**WHAT THE TASK REQUIRES**
Please reproduce the data below exactly, from the first line to the last.

**INFORMATION SUPPLIED**
+ + + + + + +
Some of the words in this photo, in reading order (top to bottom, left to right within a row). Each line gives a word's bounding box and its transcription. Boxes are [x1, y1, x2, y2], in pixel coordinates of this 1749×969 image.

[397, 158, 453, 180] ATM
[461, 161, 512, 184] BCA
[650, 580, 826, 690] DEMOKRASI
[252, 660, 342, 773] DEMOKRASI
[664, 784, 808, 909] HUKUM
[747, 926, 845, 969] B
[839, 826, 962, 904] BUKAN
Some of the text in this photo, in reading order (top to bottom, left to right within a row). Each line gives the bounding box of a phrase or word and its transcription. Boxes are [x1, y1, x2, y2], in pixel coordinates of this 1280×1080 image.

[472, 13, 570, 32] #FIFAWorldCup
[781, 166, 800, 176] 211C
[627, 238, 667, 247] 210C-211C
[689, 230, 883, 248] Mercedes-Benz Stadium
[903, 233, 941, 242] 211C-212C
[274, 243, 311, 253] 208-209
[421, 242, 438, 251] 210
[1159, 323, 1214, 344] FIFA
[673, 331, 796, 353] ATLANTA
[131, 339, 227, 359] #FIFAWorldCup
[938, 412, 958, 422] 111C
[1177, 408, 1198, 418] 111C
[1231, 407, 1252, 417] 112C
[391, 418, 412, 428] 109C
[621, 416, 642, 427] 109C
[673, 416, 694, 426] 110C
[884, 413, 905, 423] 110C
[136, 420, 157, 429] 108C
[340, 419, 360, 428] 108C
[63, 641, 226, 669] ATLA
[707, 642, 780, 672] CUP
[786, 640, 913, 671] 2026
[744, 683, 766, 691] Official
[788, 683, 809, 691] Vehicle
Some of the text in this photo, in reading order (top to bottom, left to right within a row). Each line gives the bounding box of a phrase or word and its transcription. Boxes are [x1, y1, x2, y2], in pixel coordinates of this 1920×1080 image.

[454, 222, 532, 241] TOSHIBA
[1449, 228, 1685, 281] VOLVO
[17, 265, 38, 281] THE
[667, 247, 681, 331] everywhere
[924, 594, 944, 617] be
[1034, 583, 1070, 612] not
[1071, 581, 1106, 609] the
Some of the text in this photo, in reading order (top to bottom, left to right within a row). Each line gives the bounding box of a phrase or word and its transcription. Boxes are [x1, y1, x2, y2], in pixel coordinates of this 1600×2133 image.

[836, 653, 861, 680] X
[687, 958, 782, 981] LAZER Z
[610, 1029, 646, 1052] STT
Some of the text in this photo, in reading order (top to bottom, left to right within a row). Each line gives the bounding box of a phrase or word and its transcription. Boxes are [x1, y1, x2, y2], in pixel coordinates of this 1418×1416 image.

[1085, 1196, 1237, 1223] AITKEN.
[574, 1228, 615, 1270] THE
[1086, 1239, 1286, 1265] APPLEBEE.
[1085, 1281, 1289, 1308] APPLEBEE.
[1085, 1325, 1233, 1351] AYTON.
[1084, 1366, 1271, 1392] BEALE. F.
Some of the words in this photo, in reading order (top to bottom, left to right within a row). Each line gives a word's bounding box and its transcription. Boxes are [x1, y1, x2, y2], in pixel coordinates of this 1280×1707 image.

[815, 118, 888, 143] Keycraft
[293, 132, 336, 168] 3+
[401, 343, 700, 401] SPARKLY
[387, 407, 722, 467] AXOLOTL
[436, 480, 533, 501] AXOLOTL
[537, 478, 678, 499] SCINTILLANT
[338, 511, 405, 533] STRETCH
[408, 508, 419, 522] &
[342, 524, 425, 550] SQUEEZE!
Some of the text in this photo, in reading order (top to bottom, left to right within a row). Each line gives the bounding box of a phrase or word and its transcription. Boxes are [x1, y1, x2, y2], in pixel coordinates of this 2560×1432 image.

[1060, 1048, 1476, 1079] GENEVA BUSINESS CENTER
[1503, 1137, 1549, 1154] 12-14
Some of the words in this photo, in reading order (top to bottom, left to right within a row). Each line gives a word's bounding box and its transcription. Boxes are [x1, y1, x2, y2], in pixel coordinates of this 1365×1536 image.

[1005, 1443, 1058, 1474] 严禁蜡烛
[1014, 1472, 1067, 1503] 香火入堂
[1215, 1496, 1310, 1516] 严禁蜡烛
+ + + + + + +
**ANSWER SECTION**
Some of the words in this photo, in reading order (top to bottom, left to right within a row). Each line gives a word's bounding box and its transcription. Boxes are [x1, y1, x2, y2], in pixel coordinates of this 1749×969 image.

[397, 158, 453, 180] ATM
[461, 161, 512, 184] BCA
[650, 580, 826, 690] DEMOKRASI
[252, 660, 342, 773] DEMOKRASI
[664, 784, 808, 909] HUKUM
[747, 926, 845, 969] B
[839, 826, 962, 904] BUKAN
Some of the text in this photo, in reading order (top to bottom, left to right within a row). Each line gives the bounding box of a phrase or word and its transcription. Boxes are [x1, y1, x2, y2], in pixel coordinates of this 1280×1080 image.

[472, 13, 570, 32] #FIFAWorldCup
[781, 166, 800, 176] 211C
[627, 238, 667, 247] 210C-211C
[689, 230, 883, 248] Mercedes-Benz Stadium
[903, 233, 941, 242] 211C-212C
[274, 243, 311, 253] 208-209
[421, 242, 438, 251] 210
[1159, 323, 1214, 344] FIFA
[673, 331, 796, 353] ATLANTA
[131, 339, 227, 359] #FIFAWorldCup
[938, 412, 958, 422] 111C
[1177, 408, 1198, 418] 111C
[1231, 407, 1252, 417] 112C
[391, 418, 412, 428] 109C
[621, 416, 642, 427] 109C
[673, 416, 694, 426] 110C
[884, 413, 905, 423] 110C
[136, 420, 157, 429] 108C
[340, 419, 360, 428] 108C
[63, 641, 226, 669] ATLA
[707, 642, 780, 672] CUP
[786, 640, 913, 671] 2026
[744, 683, 766, 691] Official
[788, 683, 809, 691] Vehicle
Some of the text in this photo, in reading order (top to bottom, left to right within a row). Each line gives the bounding box of a phrase or word and its transcription. Boxes are [x1, y1, x2, y2], in pixel coordinates of this 1920×1080 image.

[454, 222, 532, 241] TOSHIBA
[1449, 228, 1685, 281] VOLVO
[17, 265, 38, 281] THE
[667, 247, 681, 331] everywhere
[924, 594, 944, 617] be
[1034, 583, 1070, 612] not
[1071, 581, 1106, 609] the
Some of the text in this photo, in reading order (top to bottom, left to right within a row). Each line gives the bounding box of a phrase or word and its transcription. Boxes are [x1, y1, x2, y2], in pixel coordinates of this 1600×2133 image.

[836, 653, 861, 680] X
[687, 958, 782, 981] LAZER Z
[610, 1029, 646, 1052] STT
Some of the text in this photo, in reading order (top to bottom, left to right within a row). Each line gives the bounding box of a phrase or word and its transcription. Boxes are [x1, y1, x2, y2], in pixel coordinates of this 1418×1416 image.

[1085, 1196, 1237, 1223] AITKEN.
[574, 1228, 615, 1270] THE
[1086, 1239, 1286, 1265] APPLEBEE.
[1085, 1281, 1289, 1308] APPLEBEE.
[1085, 1325, 1233, 1351] AYTON.
[1084, 1366, 1271, 1392] BEALE. F.
Some of the words in this photo, in reading order (top to bottom, left to right within a row). Each line gives a word's bounding box and its transcription. Boxes are [x1, y1, x2, y2], in pixel coordinates of this 1280×1707 image.

[815, 118, 888, 143] Keycraft
[293, 132, 336, 168] 3+
[401, 343, 700, 401] SPARKLY
[387, 407, 722, 467] AXOLOTL
[436, 480, 533, 501] AXOLOTL
[537, 478, 678, 499] SCINTILLANT
[338, 511, 405, 533] STRETCH
[408, 508, 419, 522] &
[342, 524, 425, 550] SQUEEZE!
Some of the text in this photo, in reading order (top to bottom, left to right within a row). Each line gives the bounding box of a phrase or word and its transcription. Boxes are [x1, y1, x2, y2], in pixel coordinates of this 2560×1432 image.

[1060, 1048, 1476, 1079] GENEVA BUSINESS CENTER
[1503, 1137, 1549, 1154] 12-14
Some of the words in this photo, in reading order (top to bottom, left to right within a row). Each line gives a word's bounding box and its transcription. Boxes are [x1, y1, x2, y2], in pixel coordinates of this 1365×1536 image.

[1005, 1443, 1058, 1474] 严禁蜡烛
[1014, 1472, 1067, 1503] 香火入堂
[1215, 1496, 1310, 1516] 严禁蜡烛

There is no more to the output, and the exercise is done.